33. In the context of rescue at sea and in line with international maritime law, disembarkation is to occur in a predictable manner in a place of safety and in conditions that uphold respect for the human rights of those who are rescued, including adherence to the principle of non-refoulement. When persons are rescued at sea, including by military and commercial vessels, “the need to avoid disembarkation in territories where [their] lives and freedoms (…) would be threatened” is relevant in determining what constitutes a place of safety. In light of the volatile security situation in general and the particular protection risks for foreign nationals (including arbitrary and unlawful detention in substandard conditions in State-run detention centres, and reports of serious violations and abuses against asylum-seekers, refugees and migrants by, among others, militias, traffickers and smugglers), UNHCR does not consider that Libya meets the criteria for being designated as a place of safety for the purpose of disembarkation following rescue at sea.

34. UNHCR therefore calls on States to refrain from returning to Libya any persons rescued at sea and to ensure their timely disembarkation in a place of safety.
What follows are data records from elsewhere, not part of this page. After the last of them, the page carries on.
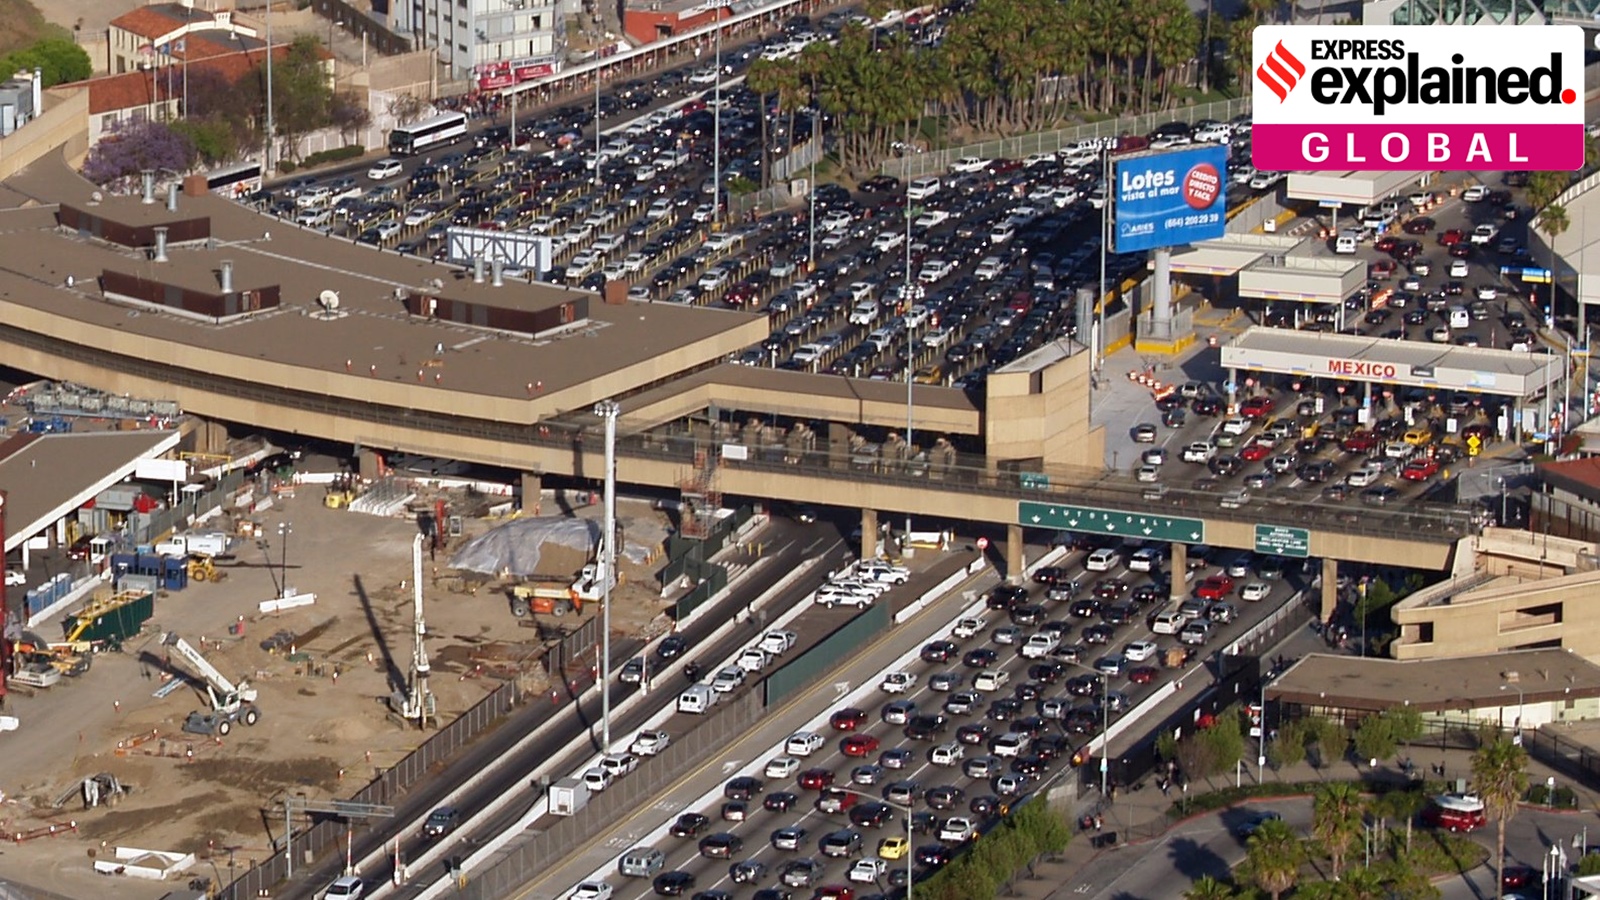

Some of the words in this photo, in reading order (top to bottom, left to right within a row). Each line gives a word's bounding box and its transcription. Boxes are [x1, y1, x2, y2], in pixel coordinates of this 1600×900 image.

[1122, 169, 1174, 192] Lotes
[1188, 179, 1216, 193] DIRECTO
[1121, 190, 1146, 202] vista
[1148, 187, 1158, 198] al
[1160, 186, 1180, 196] mar
[1188, 188, 1194, 197] Y
[1328, 360, 1396, 378] MEXICO
[1049, 508, 1109, 521] AUTOS
[1126, 516, 1172, 528] ONLY
UNHCR recalls that the principle of non-refoulement applies wherever a state exercises jurisdiction, including where it exercises effective control in the context of search and rescue operations outside its territory. Where a State’s coordination or involvement in a SAR operation, in view of all the relevant facts, is likely to determine the course of events, UNHCR’s view is that the concerned State’s negative and positive obligations under applicable international refugee and human rights law, including non-refoulement, are likely to be engaged.